▶ [AIM OF THE EXERCISE] Your task is to copy all of the entries exactly as they are given.

[Saved data entries]
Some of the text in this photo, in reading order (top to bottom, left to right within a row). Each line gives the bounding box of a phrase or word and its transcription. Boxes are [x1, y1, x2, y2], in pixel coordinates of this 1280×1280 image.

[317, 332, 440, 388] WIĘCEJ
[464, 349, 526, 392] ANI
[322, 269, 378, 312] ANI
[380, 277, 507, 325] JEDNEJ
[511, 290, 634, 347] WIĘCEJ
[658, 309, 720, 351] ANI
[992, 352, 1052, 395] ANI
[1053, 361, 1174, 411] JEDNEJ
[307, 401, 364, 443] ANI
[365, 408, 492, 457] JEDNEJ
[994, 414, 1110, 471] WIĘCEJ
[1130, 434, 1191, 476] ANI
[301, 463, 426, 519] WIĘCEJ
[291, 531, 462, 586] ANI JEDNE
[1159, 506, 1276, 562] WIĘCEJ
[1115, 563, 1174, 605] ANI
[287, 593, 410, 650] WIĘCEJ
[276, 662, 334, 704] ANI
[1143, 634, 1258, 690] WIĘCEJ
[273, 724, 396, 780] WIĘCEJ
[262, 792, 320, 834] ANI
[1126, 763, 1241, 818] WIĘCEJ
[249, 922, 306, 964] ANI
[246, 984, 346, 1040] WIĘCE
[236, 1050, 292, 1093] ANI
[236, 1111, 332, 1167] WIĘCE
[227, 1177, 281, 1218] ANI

▶ [ANSWER TO THE EXERCISE]
Some of the text in this photo, in reading order (top to bottom, left to right within a row). Each line gives the bounding box of a phrase or word and its transcription. Boxes are [x1, y1, x2, y2], in pixel coordinates of this 1280×1280 image.

[317, 332, 440, 388] WIĘCEJ
[464, 349, 526, 392] ANI
[322, 269, 378, 312] ANI
[380, 277, 507, 325] JEDNEJ
[511, 290, 634, 347] WIĘCEJ
[658, 309, 720, 351] ANI
[992, 352, 1052, 395] ANI
[1053, 361, 1174, 411] JEDNEJ
[307, 401, 364, 443] ANI
[365, 408, 492, 457] JEDNEJ
[994, 414, 1110, 471] WIĘCEJ
[1130, 434, 1191, 476] ANI
[301, 463, 426, 519] WIĘCEJ
[291, 531, 462, 586] ANI JEDNE
[1159, 506, 1276, 562] WIĘCEJ
[1115, 563, 1174, 605] ANI
[287, 593, 410, 650] WIĘCEJ
[276, 662, 334, 704] ANI
[1143, 634, 1258, 690] WIĘCEJ
[273, 724, 396, 780] WIĘCEJ
[262, 792, 320, 834] ANI
[1126, 763, 1241, 818] WIĘCEJ
[249, 922, 306, 964] ANI
[246, 984, 346, 1040] WIĘCE
[236, 1050, 292, 1093] ANI
[236, 1111, 332, 1167] WIĘCE
[227, 1177, 281, 1218] ANI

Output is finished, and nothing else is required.